Centrifugare le cellule satelliti isolate da FACS ed eliminare il surnatante. Lavare le cellule con un millilitro di PBS, centrifugarle e incubarle in un tampone di estrazione nucleare a freddo da un millilitro su ghiaccio per 20 minuti. Aggiungere 20 microlitri di microsfere magnetiche rivestite di Concanavalin A in una provetta da 1,5 millilitri contenente 850 microlitri di tampone di legame a freddo.
Quindi, utilizzando una griglia magnetica, lavare le perline due volte con un millilitro di tampone per legatura a freddo e lasciare che le perline si accumulino sul lato della provetta sulla griglia per cinque minuti prima di risospenderle delicatamente in 300 microlitri di tampone per legatura a freddo. Successivamente, centrifugare i nuclei e risospenderli delicatamente in 600 microlitri di tampone di estrazione nucleare. Quindi mescolare 600 microlitri di nuclei estratti con 300 microlitri di liquame di Concanavalin A e incubare a quattro gradi Celsius per 10 minuti.
Dopo aver rimosso il surnatante utilizzando un rack magnetico, risospendere i nuclei legati alle microsfere con un millilitro di tampone di blocco del freddo. Anche in questo caso, rimuovere il surnatante e lavare due volte i nuclei legati alle perline con un millilitro di tampone di lavaggio a freddo. Separare il surnatante, risospendere delicatamente i complessi di microsfere del nucleo con un anticorpo primario specifico e incubare a quattro gradi Celsius per una notte con una leggera agitazione.

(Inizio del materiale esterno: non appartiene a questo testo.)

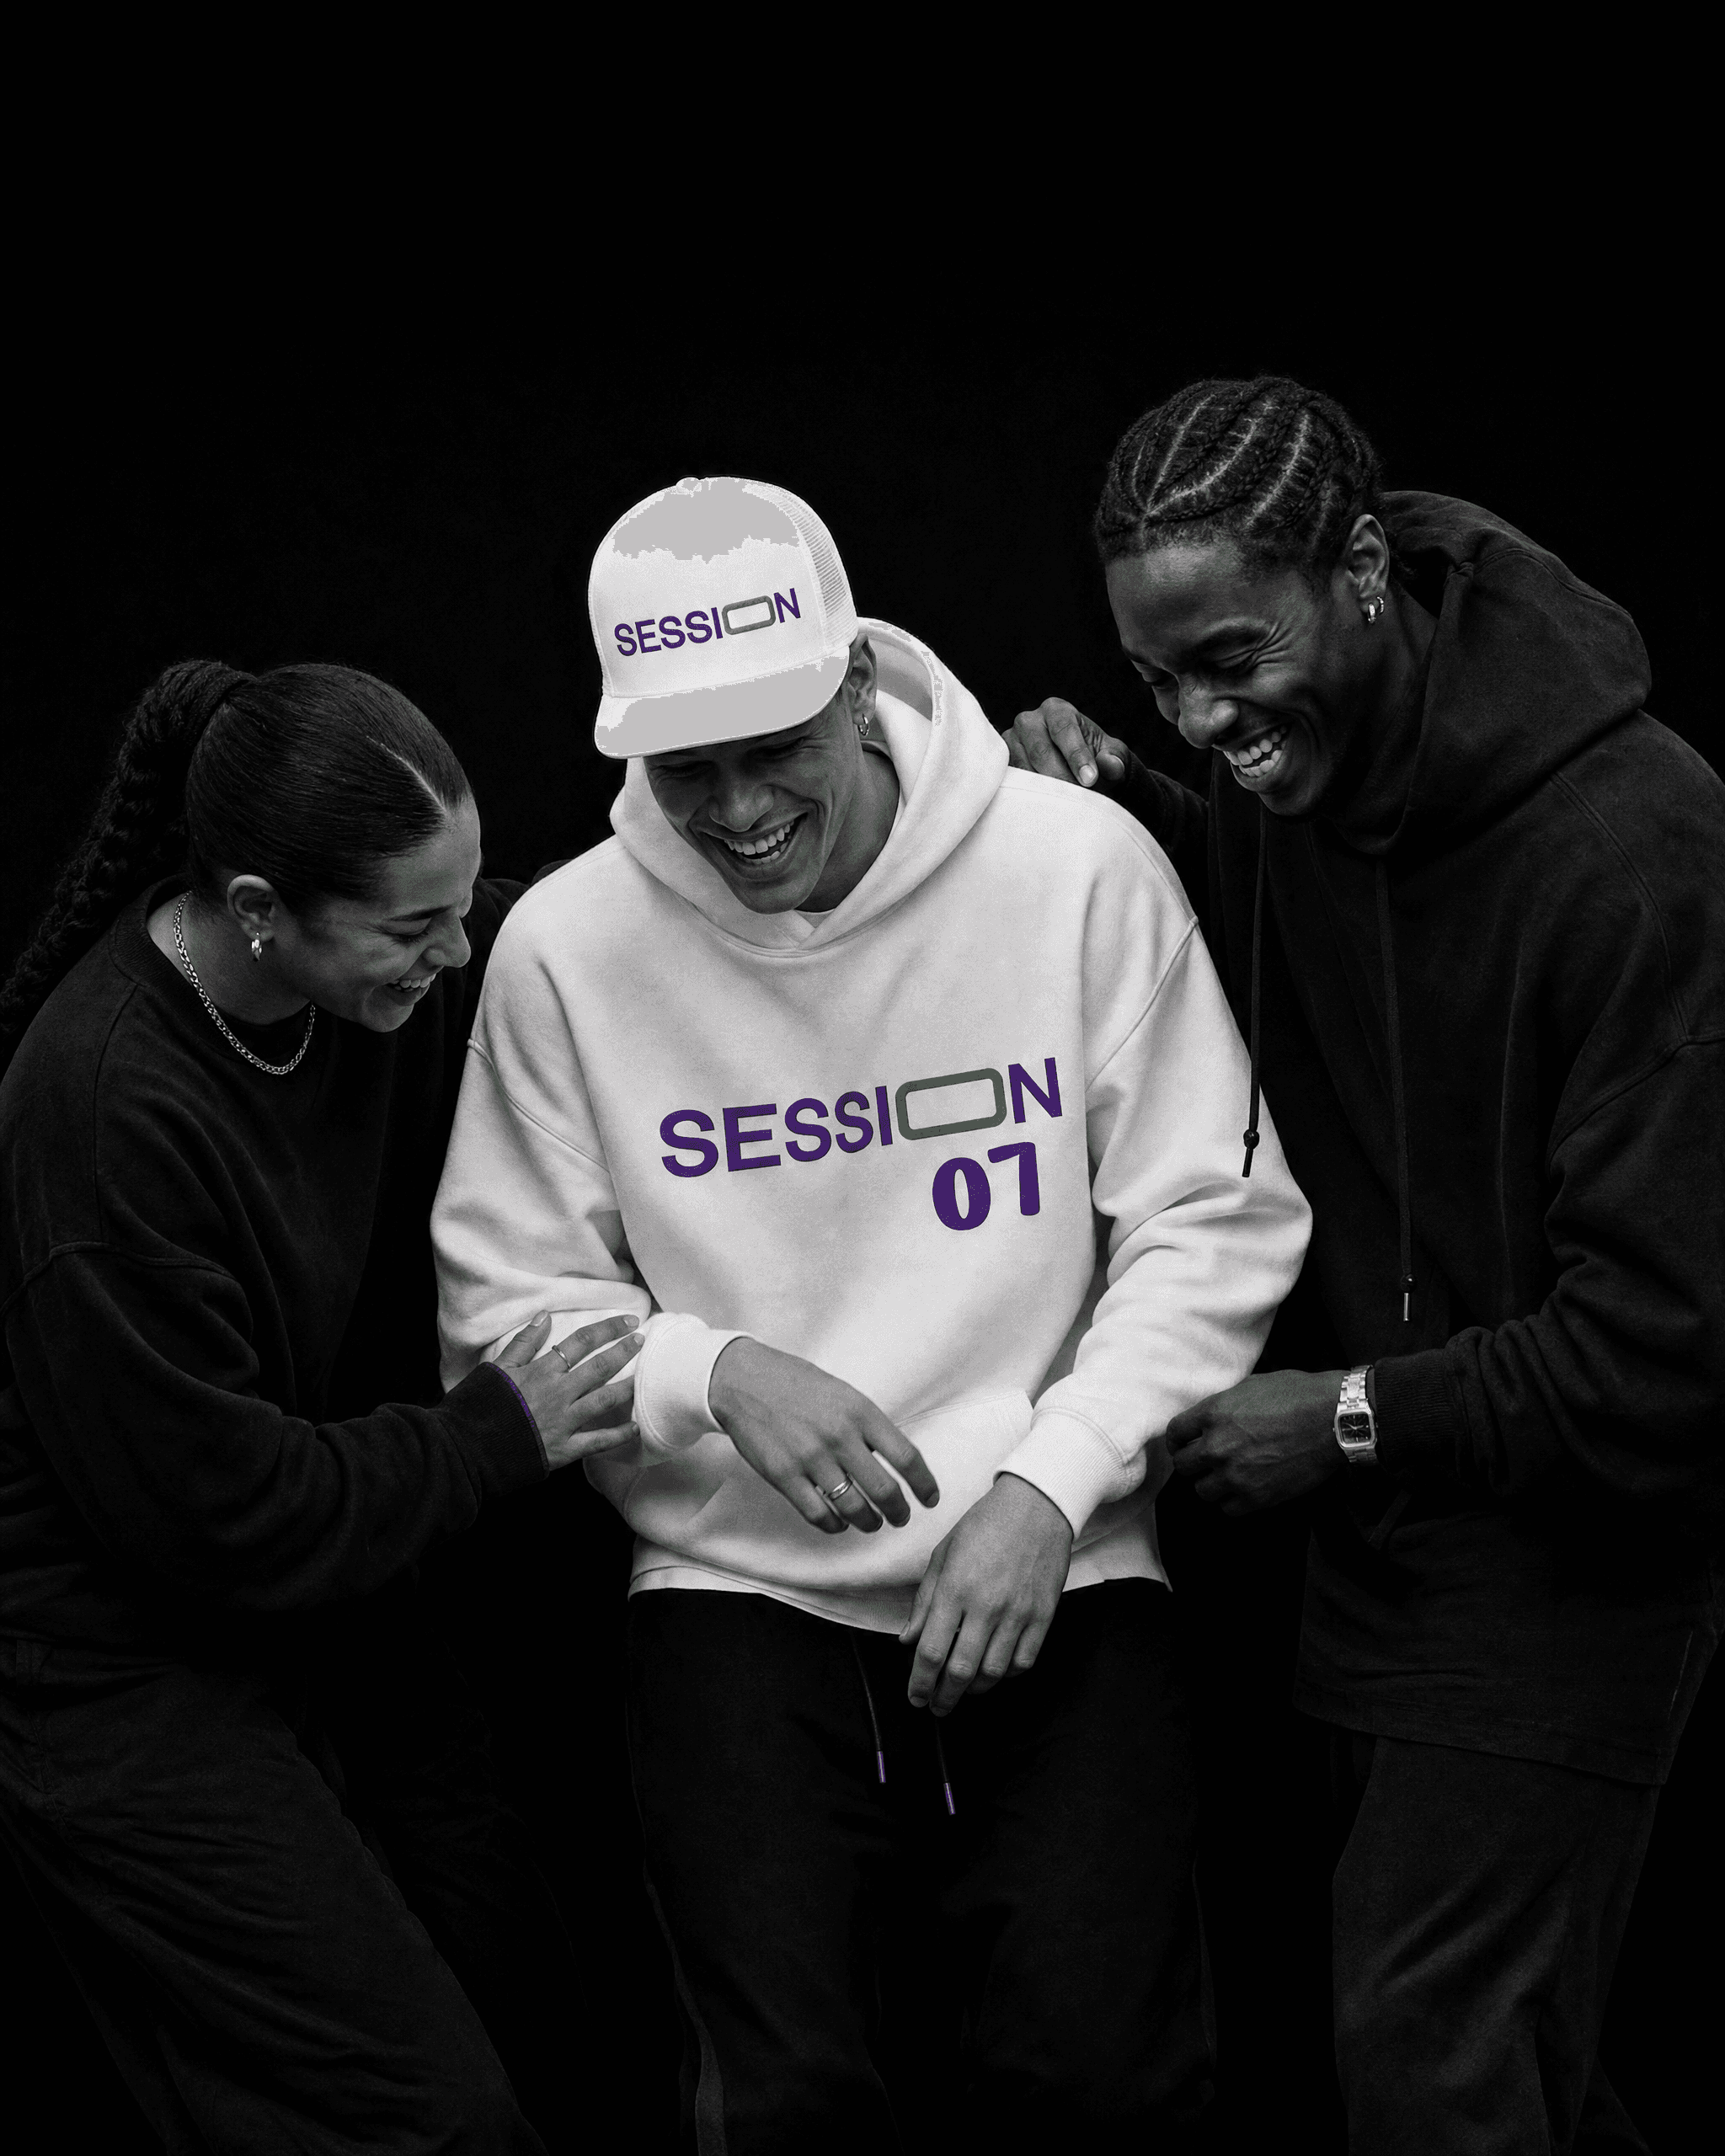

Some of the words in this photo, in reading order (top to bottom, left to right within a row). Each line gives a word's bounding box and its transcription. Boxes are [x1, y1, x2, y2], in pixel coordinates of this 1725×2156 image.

Il giorno successivo, rimuovere il surnatante e lavare i nuclei legati alle microsfere prima di risospenderli in 100 microlitri di tampone di lavaggio a freddo. Aggiungere 100 microlitri di nucleasi A-micrococcica della proteina A-diluita ai 100 microlitri di nuclei legati alle perle e incubare a quattro gradi Celsius per un'ora con agitazione. Dopo l'incubazione, rimuovere il surnatante e lavare due volte i nuclei legati alle microsfere prima di risospenderli in 150 microlitri di tampone di lavaggio a freddo.
Successivamente, aggiungere tre microlitri di cloruro di calcio 100 millimolari, mescolare rapidamente agitando e incubare su ghiaccio per 30 minuti. Arrestare la reazione aggiungendo 150 microlitri di tampone di arresto e incubare a 37 gradi Celsius per 20 minuti. Centrifugare i campioni e trasferire il surnatante in una nuova provetta per microcentrifuga, scartando il pellet e le perle.

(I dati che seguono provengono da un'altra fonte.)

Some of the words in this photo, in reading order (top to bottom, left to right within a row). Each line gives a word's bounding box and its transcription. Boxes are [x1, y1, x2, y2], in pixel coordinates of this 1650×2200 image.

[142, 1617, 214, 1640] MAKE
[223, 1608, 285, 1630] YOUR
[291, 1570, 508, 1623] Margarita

Quindi aggiungere tre microlitri di sodio dodecil solfato al 10% e 2,5 microlitri di proteinasi K.Mescolare per inversione e incubare per 10 minuti a 70 gradi Celsius. Quindi aggiungere 300 microlitri di fenolo: cloroformio: alcol isoamilico e vortice prima di trasferire in provette a blocco di fase da due millilitri. Centrifugare e aggiungere 300 microlitri di cloroformio nella stessa provetta.
Centrifugare di nuovo e raccogliere il surnatante in una provetta da 1,5 millilitri. Quindi, aggiungi un microlitro di glicogeno, quindi 750 microlitri di etanolo al 100% e lascia che il DNA precipiti durante la notte a meno 20 gradi Celsius. Il giorno successivo, pellettizzare il DNA mediante centrifugazione, quindi lavare il pellet con un millilitro di etanolo al 100% e centrifugare due volte prima di rimuovere l'etanolo residuo con una pipetta.
Asciugare il pellet all'aria per cinque minuti e risospenderlo in 25 microlitri di tampone tris-EDTA. L'H3KME2 e il H3K27AC sono stati arricchiti attorno ai TSS di PAC7, ITGA7, LAM2, CXCR4 e VCAM1. Tuttavia, H3K4ME2 e H3K27AC non sono stati arricchiti in quelli di ITGAM, PTPRC, PECAM, CKM o MHY3.
Quasi nessun segnale è stato ottenuto con il campione di IgG. Vengono mostrati l'analisi dei motivi noti di HOMER, i picchi AR e le cellule satelliti e le regioni percentuali mirate. L'analisi dei cercatori ha svelato quasi 500 picchi con un punteggio di picco superiore a 50, di cui più di 200 con un punteggio superiore a 100.